98 D’autres altérations ont également été identifiées dans la lignée IGR-N-91, notamment dans la signalisation apoptotique. En effet, il a été démontré que cette lignée exprime une forme mutée de p53 (duplication des exons 7,8,9), probablement inactive et incapable de transloquer en dehors du noyau (Goldschneider et al., 2003). La caspase-8 ainsi que la caspase-10, sont réprimées dans ces cellules et semblent être impliquées dans la résistance des cellules à l’apoptose induite par des agents cytotoxiques tel que TRAIL (Muhlethaler-Mottet et al., 2003; Muhlethaler-Mottet et al., 2004). Ces anomalies pourraient donc expliquer en partie la chimiorésistance de cette lignée agressive.
La lignée de neuroblastome métastatique IGR-N-91, a été utilisée dans ce projet car elle constitue un excellent modèle d’étude pour évaluer la contribution de la télomérase dans le phénotype agressif des neuroblastes malins et dans la résistance aux agents chimiothérapeutiques.
99
Projet de recherche
Le rôle de la télomérase dans le développement des cancers et la progression tumorale commence à être mieux compris par les scientifiques Contrairement aux cellules saines, les cellules cancéreuses réactivent anormalement la télomérase pour échapper aux processus de sénescence et de mort cellulaire. La réactivation de la télomérase dans 90% des cancers permet aux cellules tumorales de proliférer indéfiniment en maintenant la longueur de leurs télomères. Ce rôle canonique de la télomérase largement documenté, n’est pas le seul rôle qu’on lui connaît. En effet, des travaux récents suggèrent que la télomérase pourrait avoir d'autres fonctions indépendantes de son rôle sur le maintien de la longueur des télomères, dans diverses voies de signalisation cellulaires tel que la différenciation (Choi et al., 2008; Sarin et al., 2005), la réponse aux dommages à l'ADN (Masutomi et al., 2005) la régulation de l'expression génique (Choi et al., 2008; Smith et al., 2003), mais également dans l’apoptose. En effet, aux cours de la dernière décennie, plusieurs équipes dont la nôtre ont proposé que cet enzyme puisse également posséder une fonction anti-apoptotique non canonique et télomère-indépendante, conférant aux cellules une protection contre la mort induite par certains agents cytotoxiques (Dudognon et al., 2004; Gorbunova et al., 2002; Lee et al., 2008; Santos et al., 2006).
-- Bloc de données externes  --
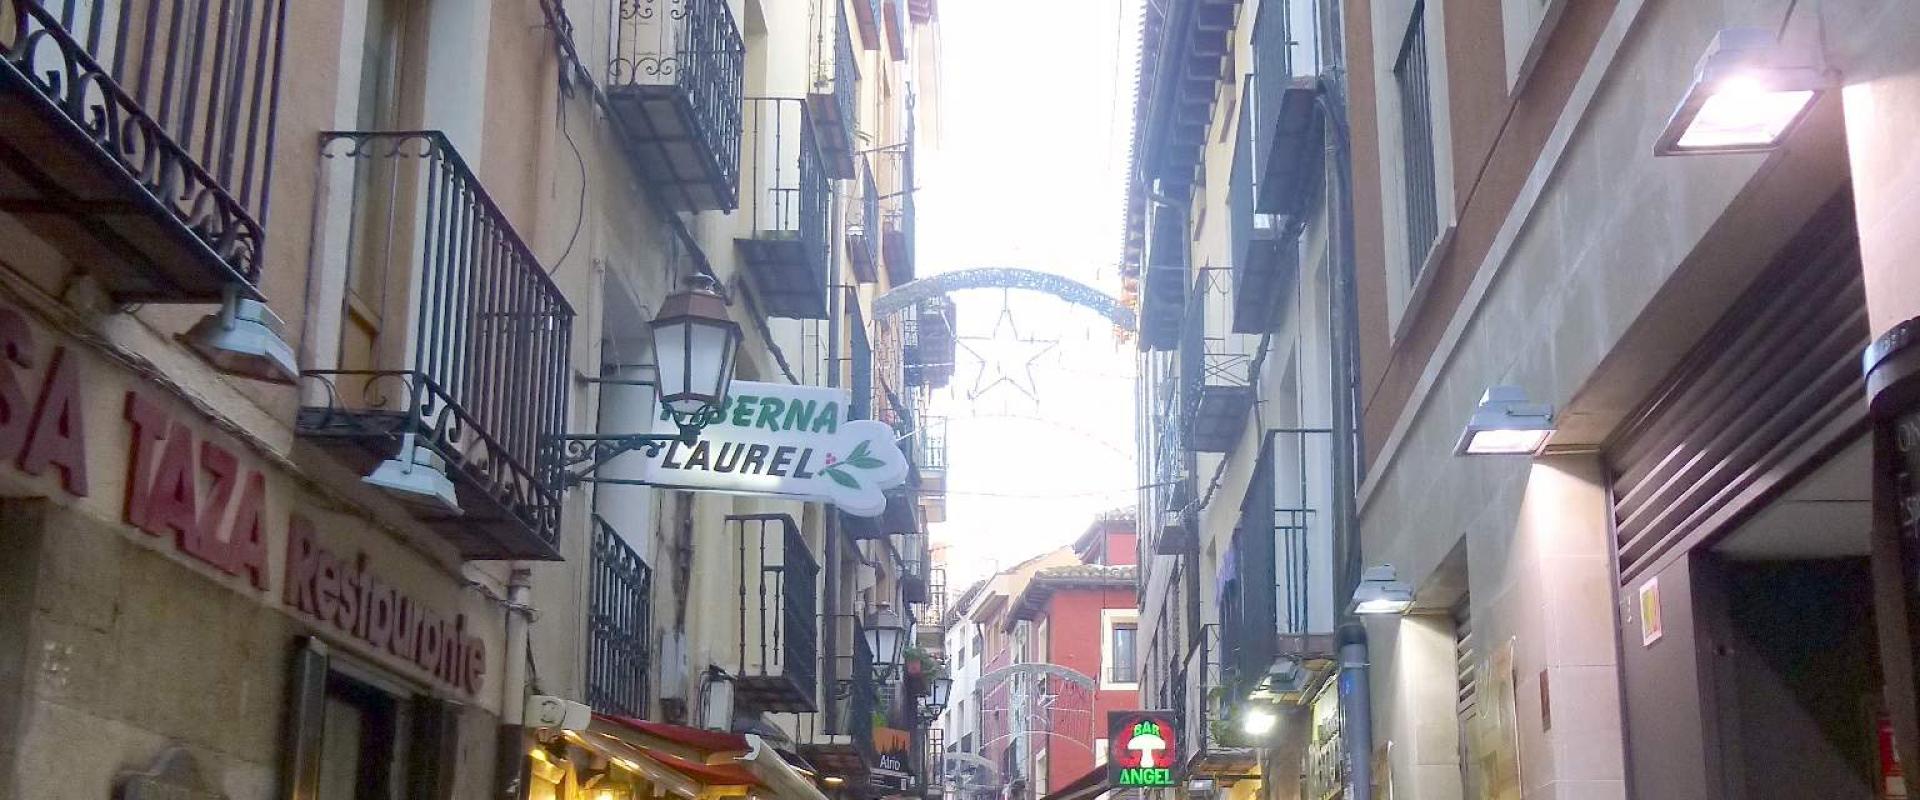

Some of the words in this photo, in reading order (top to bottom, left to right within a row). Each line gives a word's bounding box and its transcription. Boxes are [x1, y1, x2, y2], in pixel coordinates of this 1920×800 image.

[659, 393, 839, 434] BERNA
[661, 439, 815, 479] LAUREL
[122, 391, 270, 592] TAZA
[283, 513, 486, 695] Restaurante
[1133, 721, 1160, 736] BAR
[1120, 768, 1175, 785] ANGEL
Dans les neuroblastomes, l’augmentation du niveau d’activité télomérase est associée à un stade avancé de la maladie et à un mauvais pronostic. En effet, plusieurs études ont montré que les neuroblastomes agressifs ont un niveau élevé d’AT alors que les tumeurs de bon pronostic, ont peu ou pas d’AT (Hiyama et al., 1997; Hiyama et al., 1995; Reynolds et al., 1997). Ainsi de façon intéressante, un très faible niveau, voire une absence totale d'AT a été retrouvé dans un groupe particulier de neuroblastome métastatique, le stade 4S, caractérisé par un bon pronostic vital et des capacités de régression spontanée. Ces observations suggèrent que la télomérase peut jouer un rôle important dans le développement du neuroblastome et représenter un facteur pronostic dans cette pathologie. Au vu des ces observations, il nous est apparu important d’étudier si l’inactivation de la télomérase dans des cellules IGR-N-91 établies à partir de neuroblastomes chimiorésistants de stade 4, permettait d’induire une régression du phénotype malin comparable à celle observée des tumeurs de stade 4S télomérase négatives et/ou une sensibilisation aux agents thérapeutiques.
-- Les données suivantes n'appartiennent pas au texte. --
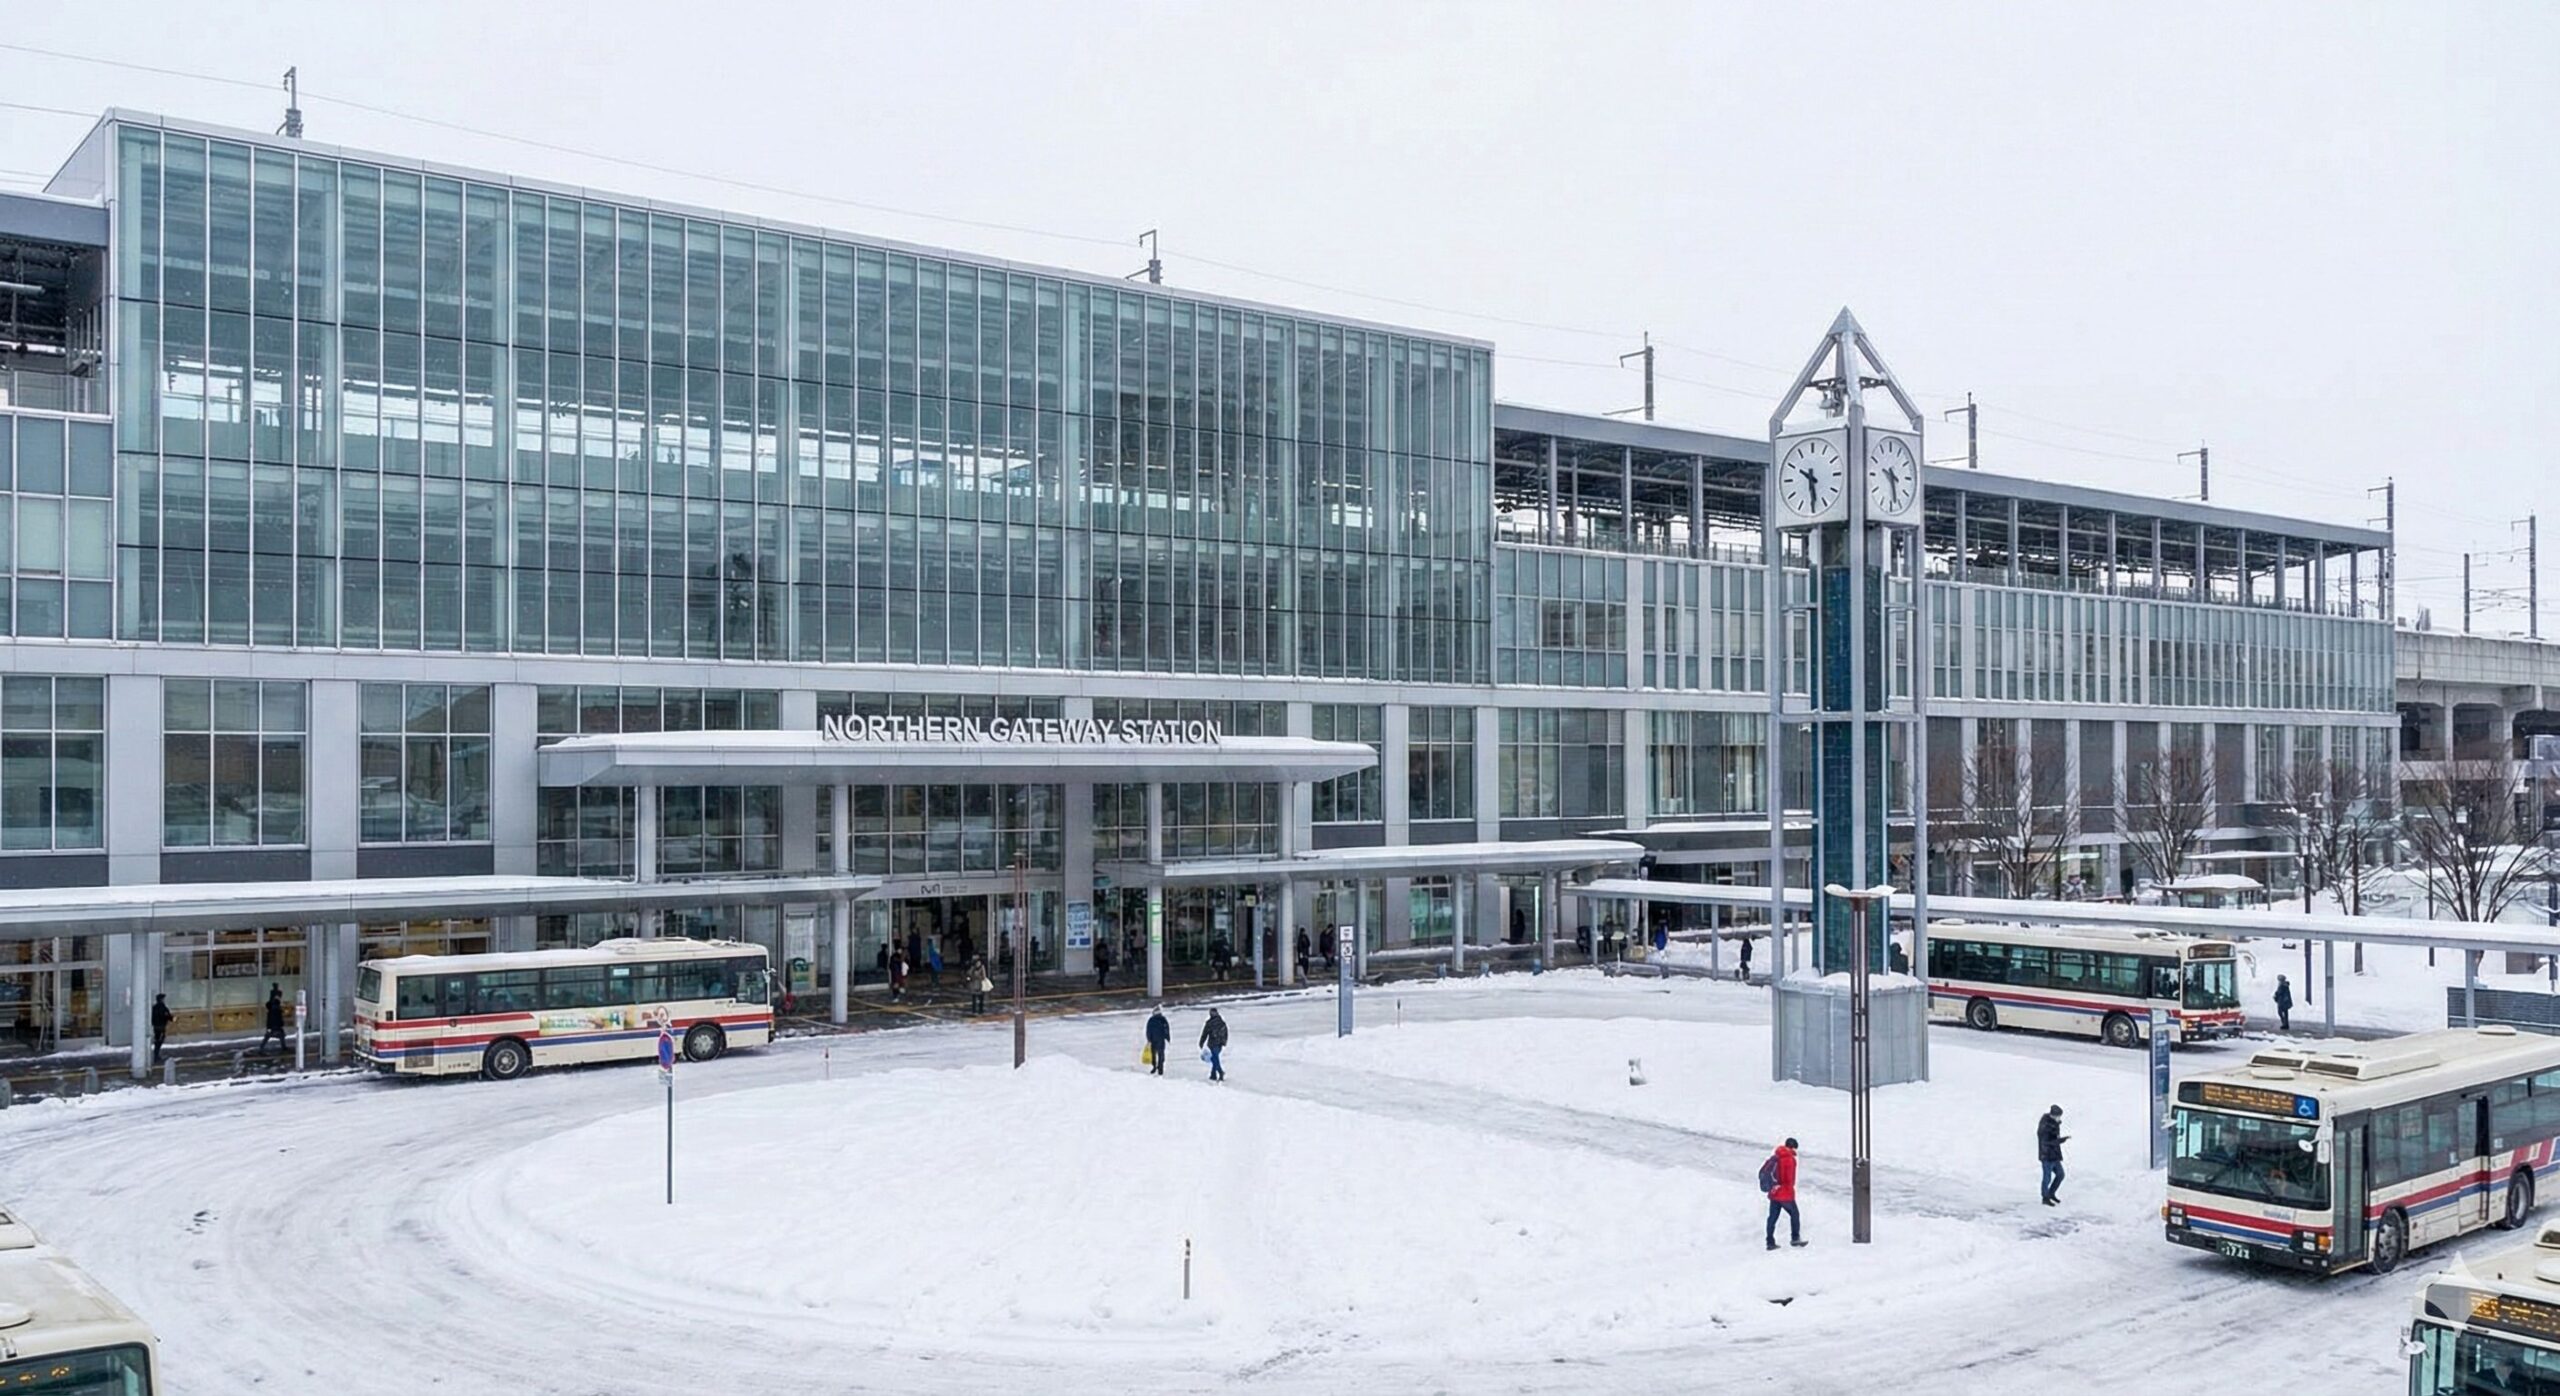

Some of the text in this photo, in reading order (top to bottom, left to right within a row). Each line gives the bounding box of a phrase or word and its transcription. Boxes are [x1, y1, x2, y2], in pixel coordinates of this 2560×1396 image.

100 Ainsi la réactivation de la télomérase observée dans les neuroblastomes mais également dans une large variété de cancers en fait une cible de choix dans l’élaboration de chimiothérapie anticancéreuse. Dans ces conditions, l’utilisation d’une stratégie anti- télomérase permettrait d’entraîner une apoptose des cellules tumorales selon 2 mécanismes non mutuellements exclusif : soit par un raccourcissement des télomères (fonction télomère- dépendant de la télomérase) soit par une inhibition de la fonction anti-apoptotique non- canonique de la télomérase (mécanisme télomère-indépendante).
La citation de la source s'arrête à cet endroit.